Reform USF to avert a telecommunications crisis

I represent an urban congressional district in Nebraska. As I like to tell my colleagues, my district has more concrete and paved roads than dirt. However, I do understand the needs of people outside of cities. In particular, I recognize the current and future importance of maintaining access to critical telecommunications services in rural areas.

Without such access, Americans in many areas are being denied important opportunities created by the modern economy. Beyond the obvious considerations for rural America, the entire nation will suffer the results of excluding millions of Americans from the telecommunications revolution now well underway.

The Universal Service Fund (USF) is central to the goal of delivering accessible and affordable telecommunications technologies to rural areas.  The USF has been remarkably successful in accelerating the deployment of the nation’s extraordinary telecommunications infrastructure. Without a working USF program, preserving and extending this advancement will not be possible.

During the past several years, however, the very viability of USF has been jeopardized by rapidly increasing payments to wireless providers — payments that threaten to make USF unaffordable for consumers.

According to publicly available data, USF payments to wireless providers grew from $15 million in 2001 to almost $1 billion in 2006, an annual rate of increase of more than 100 percent.  Projections suggest that the situation will continue to deteriorate at alarming speed through the end of the decade.
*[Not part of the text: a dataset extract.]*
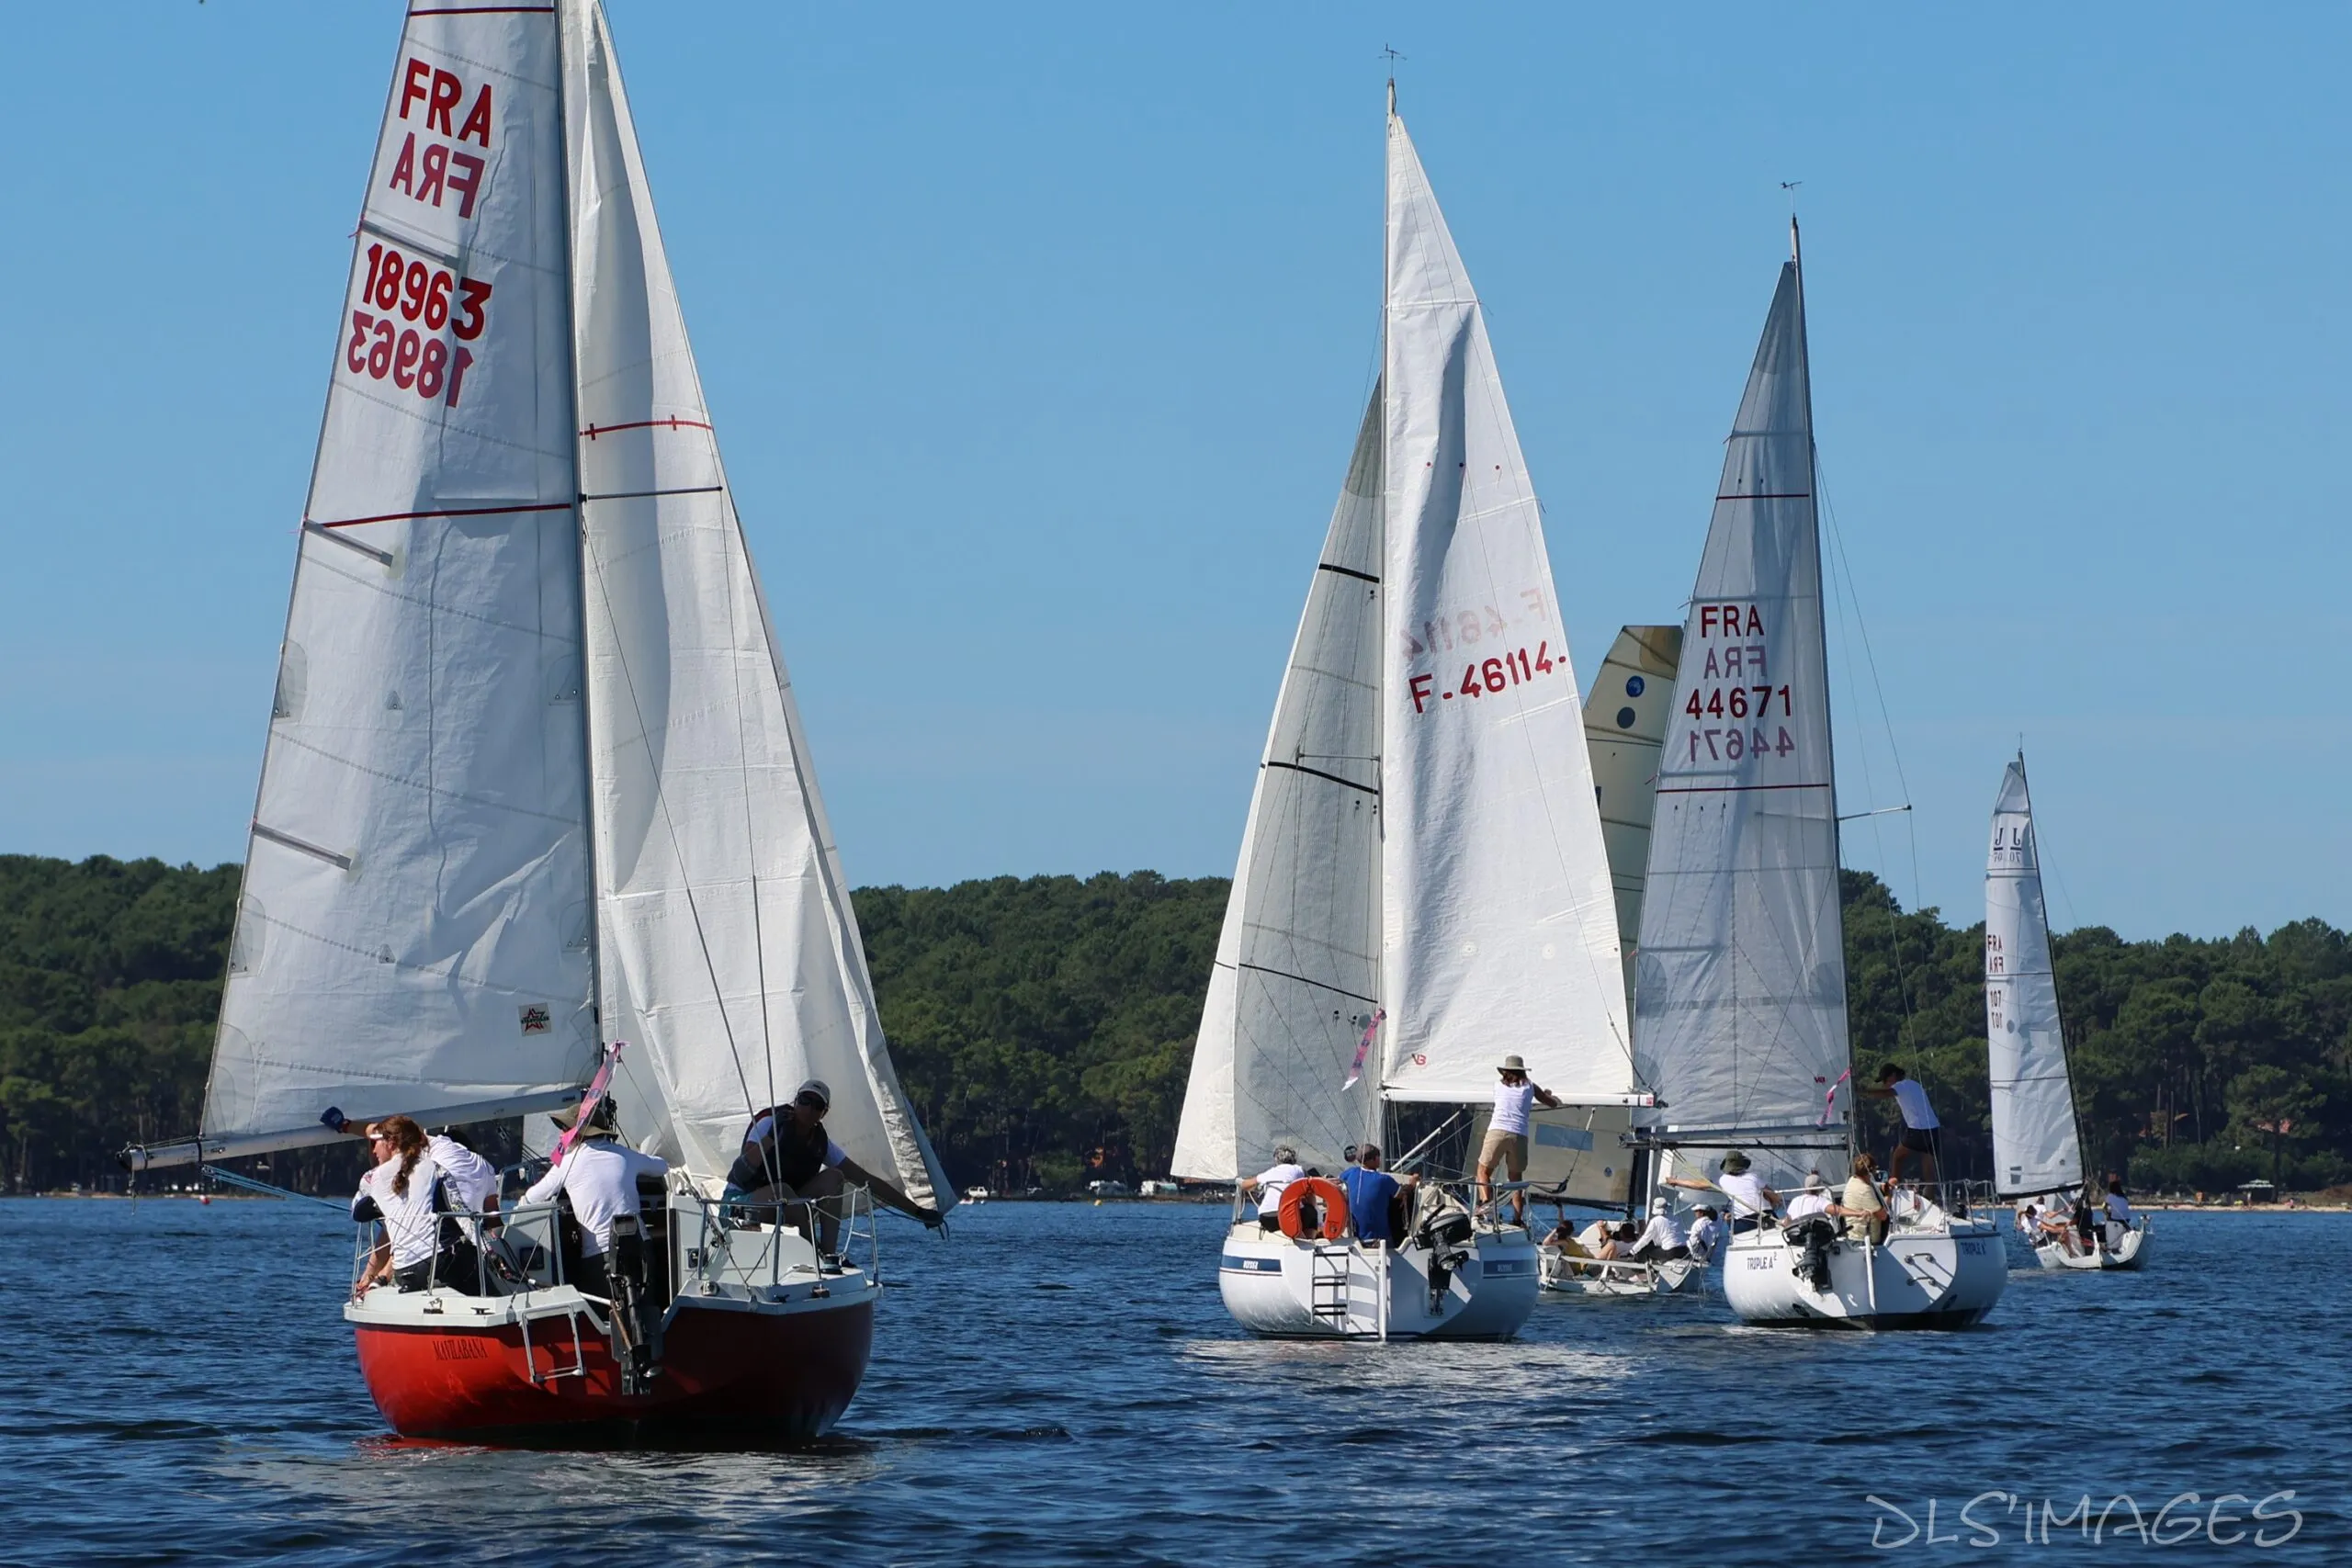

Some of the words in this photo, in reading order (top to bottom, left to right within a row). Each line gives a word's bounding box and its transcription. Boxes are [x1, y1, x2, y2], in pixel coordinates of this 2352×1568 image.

Although a seemingly obscure matter, failure to address the status of the USF imperils decades of progress in connecting rural America to the telecommunications infrastructure. To forego corrective action would be hugely irresponsible.

Accordingly, the Federal-State Joint Board on Universal Service has recommended a temporary cap on USF payment to wireless providers. By holding these payments to current levels on a temporary basis, the joint board seeks to allow the time needed to develop a more stable USF funding mechanism.

As a champion of strengthening USF, I strongly support the joint board’s recommendation as an essential reform of a system headed toward collapse. Such an outcome would have profoundly negative consequences for the future deployment of telecommunications services in low-population-density regions. Moreover, the national implications of impeding the availability of affordable telecommunications services are significant.

Globalization is substantially increasing competition for high-wage jobs and professional services. Continued U.S. economic expansion demands that Americans participate in the worldwide marketplace, something impossible without broad and affordable access to a robust set of telecommunications technologies. Although appropriately focused on the specific challenge of the fiscal viability of USF, the implications of the joint board’s recommendation extend well beyond what may appear to be a narrow question of funding formulas.

The joint board is attempting to address an urgent problem through much-needed reform.  If unrestrained, rapidly rising USF support to wireless providers threatens to render unsustainable the entire USF program.

Opponents of the joint board recommendation have made a number of allegations designed to scuttle the temporary cap.  In particular, wireless interests have claimed that the cap will harm cell phone service in rural areas. There is no reason to believe that this is true. To the contrary, USF support will continue to flow at current levels, rather than increase year after year at an unsupportable rate. The real threat to the availability of affordable telecommunications in rural areas is a collapse of USF, which the joint board is earnestly working to avert.
The joint board’s decision to impose an interim emergency cap on USF payments to wireless carriers recognizes the source of the explosive growth in the USF. Imposing a cap on these payments is a necessary first step in USF reform.

The nation has a compelling interest in securing the USF and, as a result, promoting American competitiveness by making affordable telecommunications services available throughout America on an unprecedented scale.

Terry is a member of the House Energy and Commerce Committee.